The anatomy of search itself is changing. Traditional search was linear: query a category, get flooded with options, compare, shortlist, visit brand websites, research further and eventually decide. Buyers moved through stages across multiple sessions and platforms.
That structure is now being compressed. Globally, shopping-related queries on ChatGPT doubled in the first half of 2025, and Adobe research found that more than a third of surveyed users discovered a new product or brand through AI. The queries driving this are not simple keyword lookups. Someone asking “What is the best protein powder for a vegetarian woman with insulin resistance in India?” or “Which CRM works best for a 20-person B2B SaaS team with a lean sales function?” is consulting, not searching. Context, constraint, urgency and intent all surface in a single prompt. One chat. One window. Zero clicks.
Discovery, comparison, consideration and purchase intent are converging in one exchange. A user may still verify on Google or a brand website afterward, but by that point the behaviour has shifted. They are deciding, not browsing.
This compression has two significant implications for marketers and enterprises.
User behaviour is the first. Consumers are adapting to conversational, AI-mediated discovery. They expect answers that reflect their specific situation: budget, location, use case, constraints. The expectation has moved from “show me options” to “help me decide.” When a user takes an AI recommendation to Google for verification, that is a high-intent buyer seeking confirmation, already well along in the decision journey.
Machine behaviour is the second, and this is less well understood. Answer engines evaluate brands differently from search engines. They interpret intent, connect entities, read context signals and draw from multiple sources to construct a response. It is almost like you are speaking to an expert, a confidant, a negotiator and an ally all rolled into one. And that changes everything about what it means to be discoverable.

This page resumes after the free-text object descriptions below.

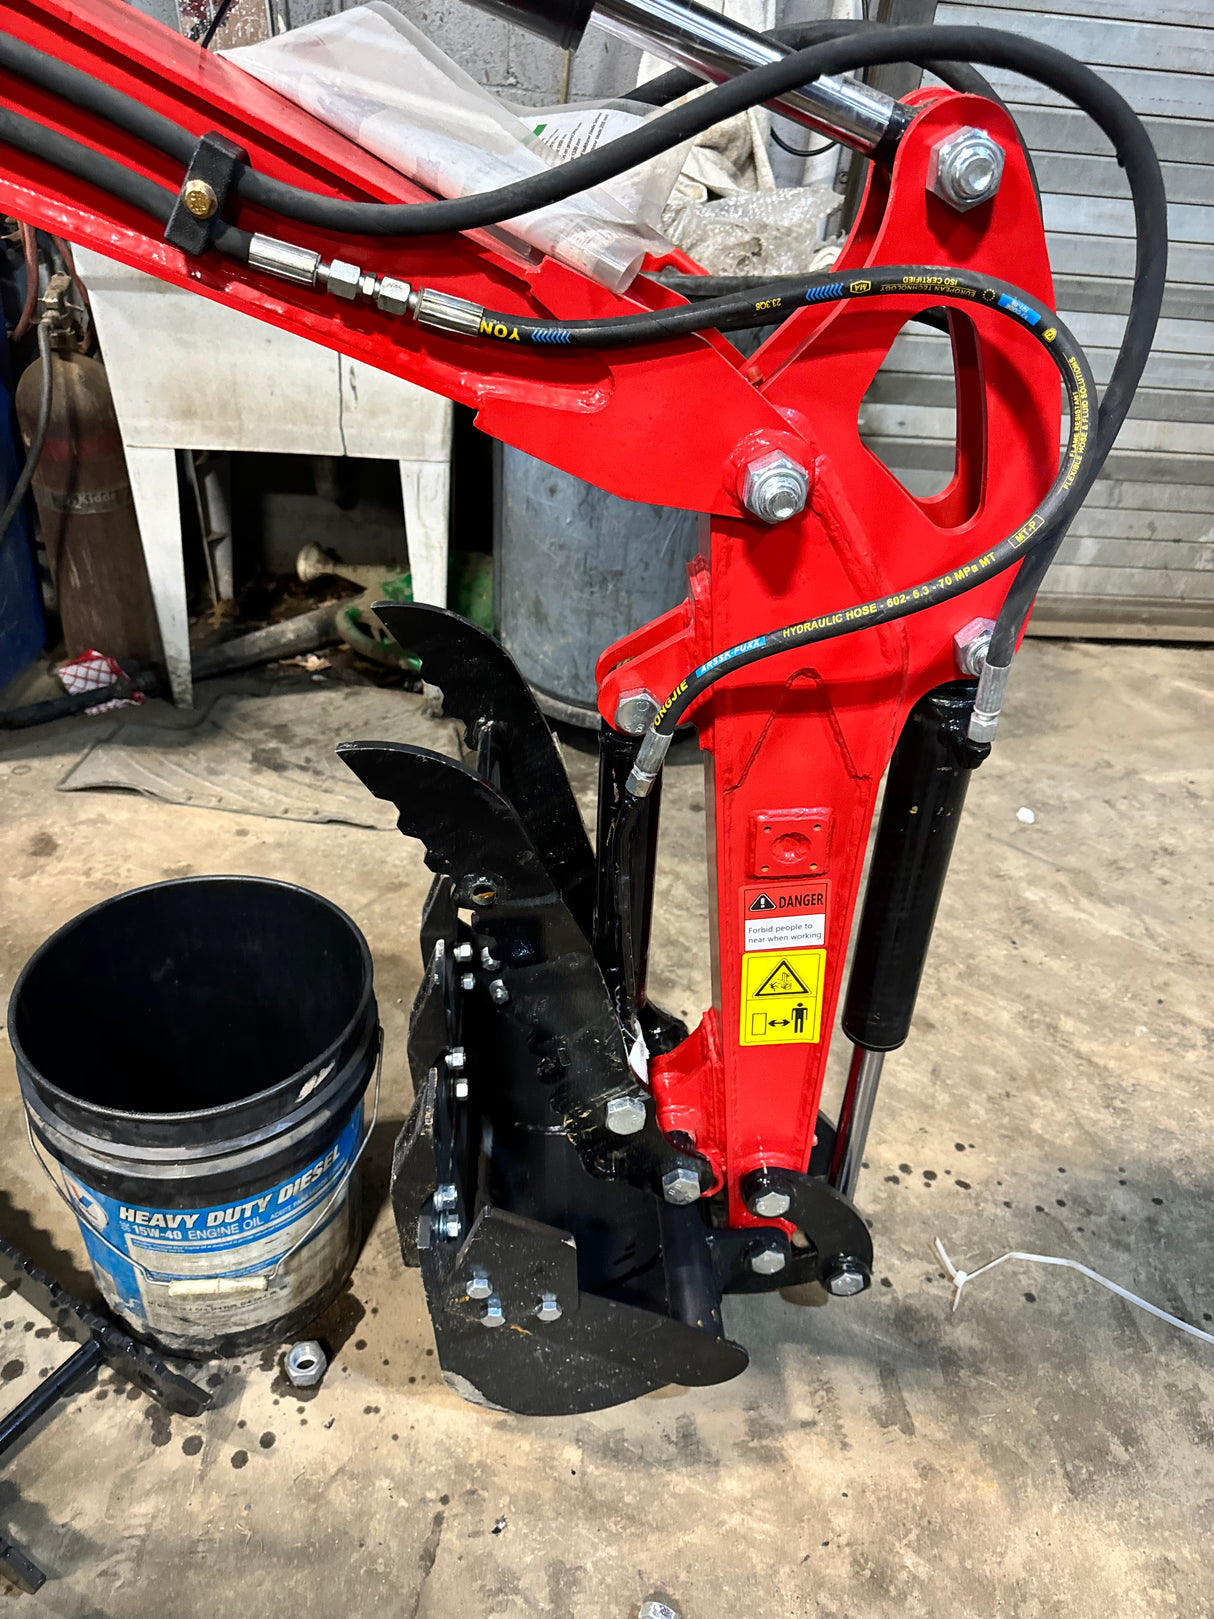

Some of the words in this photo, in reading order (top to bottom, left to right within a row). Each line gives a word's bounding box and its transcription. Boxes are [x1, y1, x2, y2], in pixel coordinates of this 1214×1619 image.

[879, 283, 934, 292] TECHNOLOGY
[902, 276, 943, 285] CERTIFIED
[935, 284, 977, 298] EUROPEAN
[944, 277, 958, 287] ISO
[1068, 356, 1088, 399] SOLUTIONS
[1073, 391, 1081, 431] RESISTANT
[1081, 400, 1089, 423] FLUID
[1069, 432, 1080, 458] FLAME
[1078, 432, 1088, 453] HOSE
[1063, 455, 1082, 490] FLEXIBLE
[1014, 520, 1038, 543] MT-P
[782, 613, 843, 638] HYDRAULIC
[846, 603, 878, 621] HOSE
[912, 586, 930, 600] 6.3
[938, 576, 953, 589] 70
[954, 563, 979, 582] MPa
[979, 551, 997, 568] MT
[778, 892, 824, 909] DANGER
[748, 925, 774, 934] Forbid
[775, 923, 803, 933] people
[748, 936, 766, 944] near
[767, 934, 789, 942] when
[790, 932, 822, 940] working
[119, 1206, 200, 1229] HEAVY
[206, 1193, 273, 1227] DUTY
[277, 1143, 340, 1205] DIESEL
[132, 1224, 182, 1240] 15W-40
[188, 1222, 240, 1240] ENGINE
[243, 1215, 265, 1230] OIL
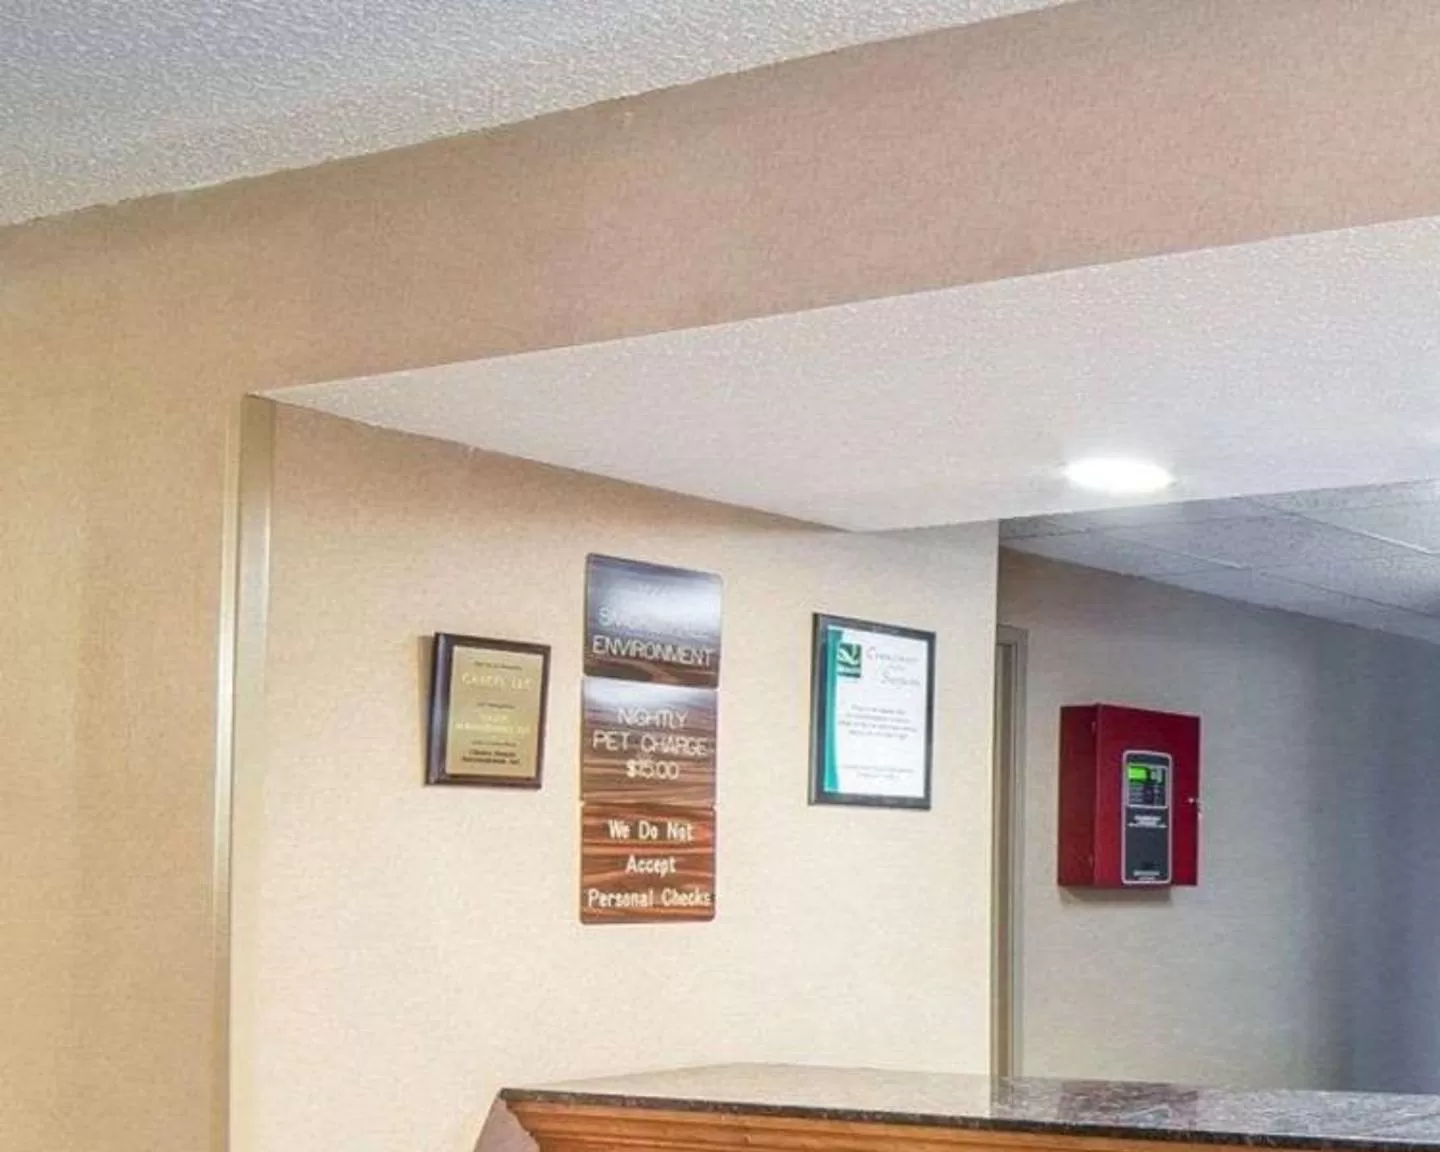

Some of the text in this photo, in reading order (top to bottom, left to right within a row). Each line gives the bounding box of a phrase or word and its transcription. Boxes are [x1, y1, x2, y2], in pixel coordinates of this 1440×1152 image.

[593, 635, 716, 667] ENVIRONMENT
[618, 706, 688, 729] NIGHTLY
[593, 729, 709, 757] PET CHARGE
[608, 819, 693, 842] We Do Not
[625, 854, 676, 877] Accept
[588, 887, 711, 908] Personal Checks

What an answer engine is really looking for is confidence: enough credible, structured and consistent information across sources to recommend a brand without hedging. Product pages, FAQs, schema markup, reviews, third-party mentions and category authority signals all feed that judgment. A vague brand claim on a homepage is weak signal. A well-structured product page, supported by specific use cases, credible reviews and consistent language across the web, is strong signal. Machine legibility, how clearly an answer engine can understand, contextualise and trust your brand, is becoming a competitive variable.
This levels the playing field. In traditional search, larger brands often won through media budgets and domain authority. In AI-led discovery, a smaller brand with clear, structured, well-indexed information can outperform a larger one that has not been built for machine legibility. Clarity and specificity are competitive advantages.
For marketers, the task is to extend brand building. Distinct positioning, tone of voice and visual identity remain essential for human audiences. They must now be accompanied by structured meaning, contextual depth and authority signals that answer engines can parse and trust.
The next era of brand discovery will be shaped by two audiences: the human who buys and the AI that influences what gets considered. Brands built for both will be the ones that show up and get chosen.